Audience publique du 3 juin 2021

Rejet

M. CHAUVIN, président

Arrêt n° 487 FS-P

Pourvoi n° R 20-12.353

R É P U B L I Q U E F R A N Ç A I S E

_________________________

AU NOM DU PEUPLE FRANÇAIS
_________________________

ARRÊT DE LA COUR DE CASSATION, TROISIÈME CHAMBRE CIVILE, DU 3 JUIN 2021

1°/ M. [Q] [R],

2°/ Mme [V] [R],

domiciliés tous deux [Adresse 1],

ont formé le pourvoi n° 20-12.353 contre l'arrêt rendu le 26 novembre 2019 par la cour d'appel de Versailles (1re chambre, 2e section), dans le litige les opposant à l'agence Vilogia, société anonyme, dont le siège est [Adresse 2], défenderesse à la cassation.

Les demandeurs invoquent, à l'appui de leur pourvoi, le moyen unique de cassation annexé au présent arrêt.

Le dossier a été communiqué au procureur général.

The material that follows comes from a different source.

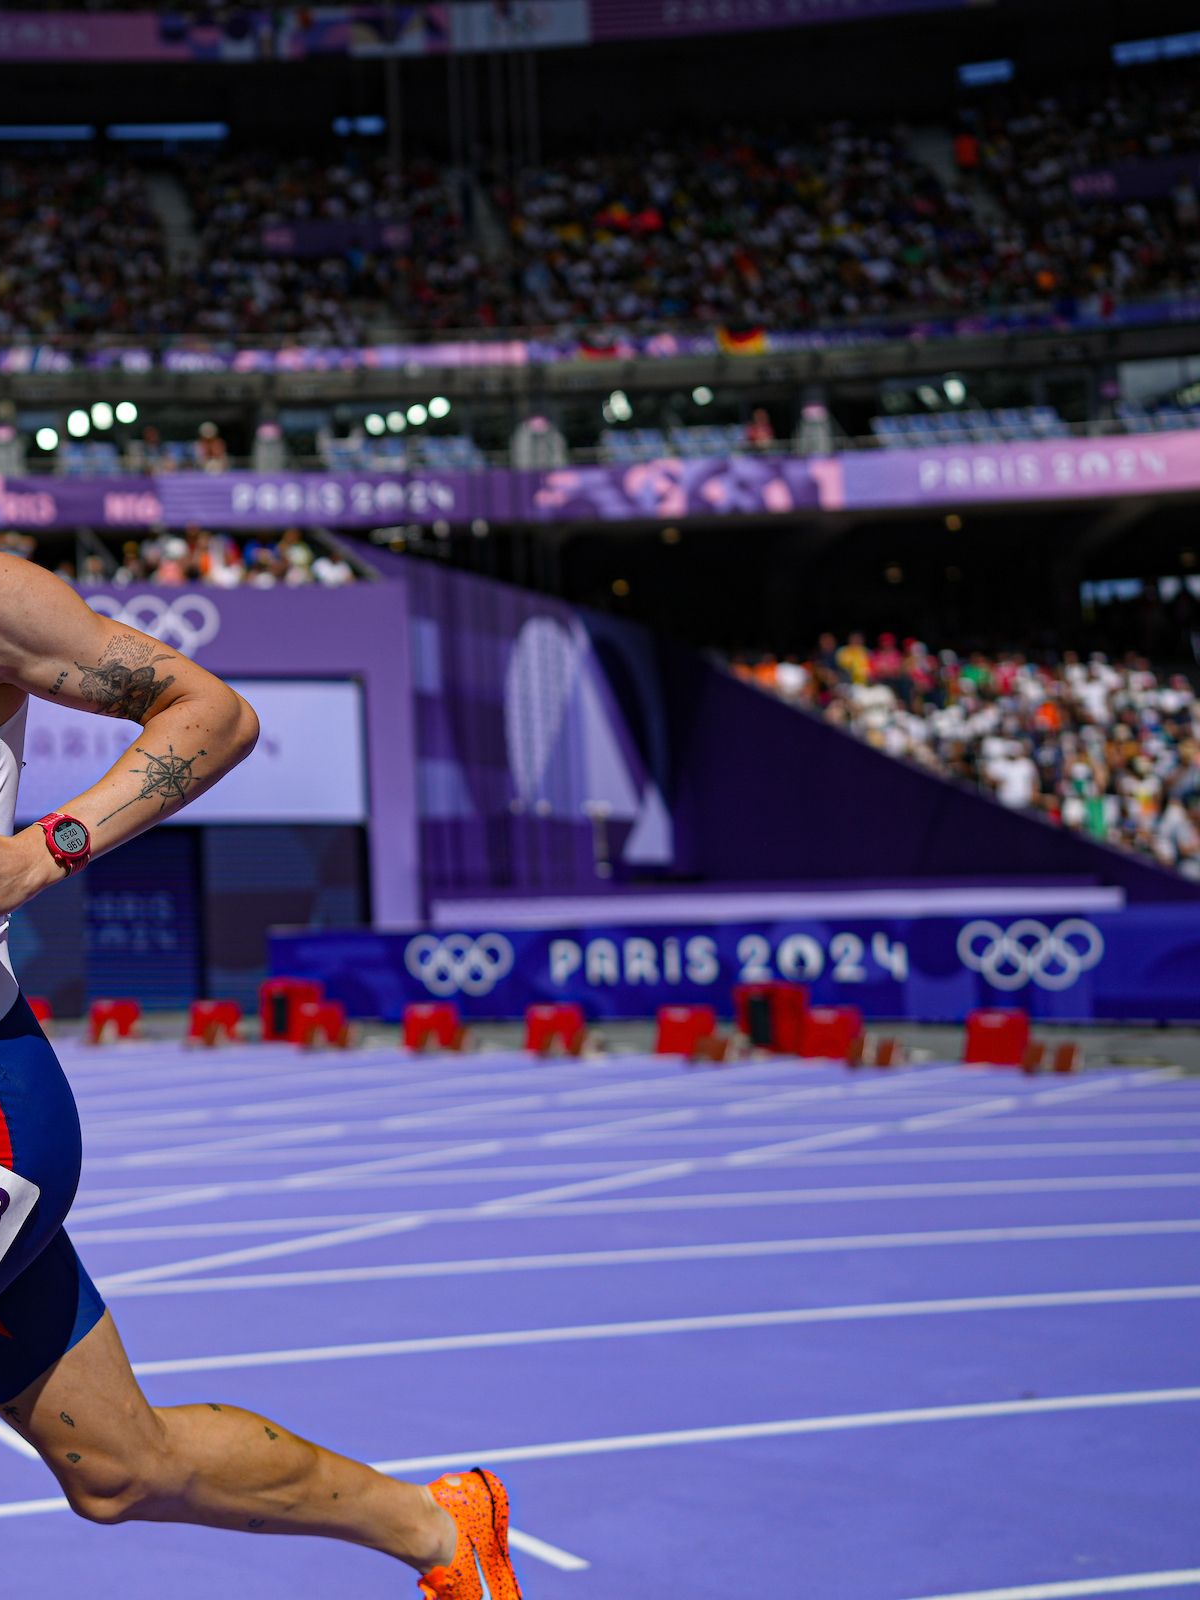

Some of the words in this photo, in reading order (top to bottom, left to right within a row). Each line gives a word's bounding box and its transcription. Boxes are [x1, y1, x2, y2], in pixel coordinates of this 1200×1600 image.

[1051, 448, 1167, 486] 2024
[350, 480, 455, 516] 2024
[736, 931, 908, 985] 2024

Sur le rapport de Mme Schmitt, conseiller référendaire, les observations de la SCP Rousseau et Tapie, avocat de M. et Mme [R], de la SCP Baraduc, Duhamel et Rameix, avocat de l'agence Vilogia, et l'avis de Mme Guilguet-Pauthe, avocat général, après débats en l'audience publique du 4 mai 2021 où étaient présents M. Chauvin, président, Mme Schmitt, conseiller référendaire rapporteur, M. Echappé, conseiller doyen, Mme Andrich, MM. Barbieri, Jessel, David, Jobert, conseillers, MM. Béghin, Jariel, Mme Aldigé, conseillers référendaires, et Mme Besse, greffier de chambre,

la troisième chambre civile de la Cour de cassation, composée, en application de l'article R. 431-5 du code de l'organisation judiciaire, des président et conseillers précités, après en avoir délibéré conformément à la loi, a rendu le présent arrêt ;

Faits et procédure

1. Selon l'arrêt attaqué (Versailles, 26 novembre 2019), le 26 décembre 2013, la société Vilogia a acquis un immeuble au sein duquel M. et Mme [R] étaient locataires en vertu d'un bail soumis à la loi du 6 juillet 1989.

2. Le 6 juin 2014, elle a conclu une convention avec l'Etat en application de l'article L. 351-2 du code de la construction et de l'habitation.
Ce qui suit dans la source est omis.